▶ _TASK PROMPT_
All of the records should be given again exactly as they appear.

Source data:
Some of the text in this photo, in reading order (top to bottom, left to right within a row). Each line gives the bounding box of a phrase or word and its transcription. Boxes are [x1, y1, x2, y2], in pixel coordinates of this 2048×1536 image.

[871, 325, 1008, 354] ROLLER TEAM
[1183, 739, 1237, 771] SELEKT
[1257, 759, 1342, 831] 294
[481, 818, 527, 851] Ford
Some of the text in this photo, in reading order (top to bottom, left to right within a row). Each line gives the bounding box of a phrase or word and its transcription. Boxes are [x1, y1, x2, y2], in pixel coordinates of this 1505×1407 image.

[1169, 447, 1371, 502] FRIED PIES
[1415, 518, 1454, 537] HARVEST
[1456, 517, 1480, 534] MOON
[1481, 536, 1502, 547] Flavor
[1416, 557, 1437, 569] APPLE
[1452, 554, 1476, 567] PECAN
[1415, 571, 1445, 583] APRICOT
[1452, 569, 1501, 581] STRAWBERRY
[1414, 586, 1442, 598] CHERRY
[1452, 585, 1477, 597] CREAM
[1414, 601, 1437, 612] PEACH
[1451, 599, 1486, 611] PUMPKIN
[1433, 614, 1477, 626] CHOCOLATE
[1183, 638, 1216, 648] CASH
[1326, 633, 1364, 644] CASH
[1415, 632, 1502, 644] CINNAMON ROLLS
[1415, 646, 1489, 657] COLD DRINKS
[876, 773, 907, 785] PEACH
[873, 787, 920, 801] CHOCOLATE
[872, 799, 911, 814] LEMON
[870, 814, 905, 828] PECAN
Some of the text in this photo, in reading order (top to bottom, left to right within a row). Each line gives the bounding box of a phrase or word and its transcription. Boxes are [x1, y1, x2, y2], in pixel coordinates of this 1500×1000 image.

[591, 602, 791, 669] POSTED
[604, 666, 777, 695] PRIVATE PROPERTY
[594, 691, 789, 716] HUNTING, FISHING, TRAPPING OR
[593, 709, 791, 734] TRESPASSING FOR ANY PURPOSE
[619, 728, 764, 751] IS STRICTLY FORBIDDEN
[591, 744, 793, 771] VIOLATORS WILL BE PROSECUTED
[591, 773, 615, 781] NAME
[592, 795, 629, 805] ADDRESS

▶ _RESULT OF THIS TASK_
Some of the text in this photo, in reading order (top to bottom, left to right within a row). Each line gives the bounding box of a phrase or word and its transcription. Boxes are [x1, y1, x2, y2], in pixel coordinates of this 2048×1536 image.

[871, 325, 1008, 354] ROLLER TEAM
[1183, 739, 1237, 771] SELEKT
[1257, 759, 1342, 831] 294
[481, 818, 527, 851] Ford
Some of the text in this photo, in reading order (top to bottom, left to right within a row). Each line gives the bounding box of a phrase or word and its transcription. Boxes are [x1, y1, x2, y2], in pixel coordinates of this 1505×1407 image.

[1169, 447, 1371, 502] FRIED PIES
[1415, 518, 1454, 537] HARVEST
[1456, 517, 1480, 534] MOON
[1481, 536, 1502, 547] Flavor
[1416, 557, 1437, 569] APPLE
[1452, 554, 1476, 567] PECAN
[1415, 571, 1445, 583] APRICOT
[1452, 569, 1501, 581] STRAWBERRY
[1414, 586, 1442, 598] CHERRY
[1452, 585, 1477, 597] CREAM
[1414, 601, 1437, 612] PEACH
[1451, 599, 1486, 611] PUMPKIN
[1433, 614, 1477, 626] CHOCOLATE
[1183, 638, 1216, 648] CASH
[1326, 633, 1364, 644] CASH
[1415, 632, 1502, 644] CINNAMON ROLLS
[1415, 646, 1489, 657] COLD DRINKS
[876, 773, 907, 785] PEACH
[873, 787, 920, 801] CHOCOLATE
[872, 799, 911, 814] LEMON
[870, 814, 905, 828] PECAN
Some of the text in this photo, in reading order (top to bottom, left to right within a row). Each line gives the bounding box of a phrase or word and its transcription. Boxes are [x1, y1, x2, y2], in pixel coordinates of this 1500×1000 image.

[591, 602, 791, 669] POSTED
[604, 666, 777, 695] PRIVATE PROPERTY
[594, 691, 789, 716] HUNTING, FISHING, TRAPPING OR
[593, 709, 791, 734] TRESPASSING FOR ANY PURPOSE
[619, 728, 764, 751] IS STRICTLY FORBIDDEN
[591, 744, 793, 771] VIOLATORS WILL BE PROSECUTED
[591, 773, 615, 781] NAME
[592, 795, 629, 805] ADDRESS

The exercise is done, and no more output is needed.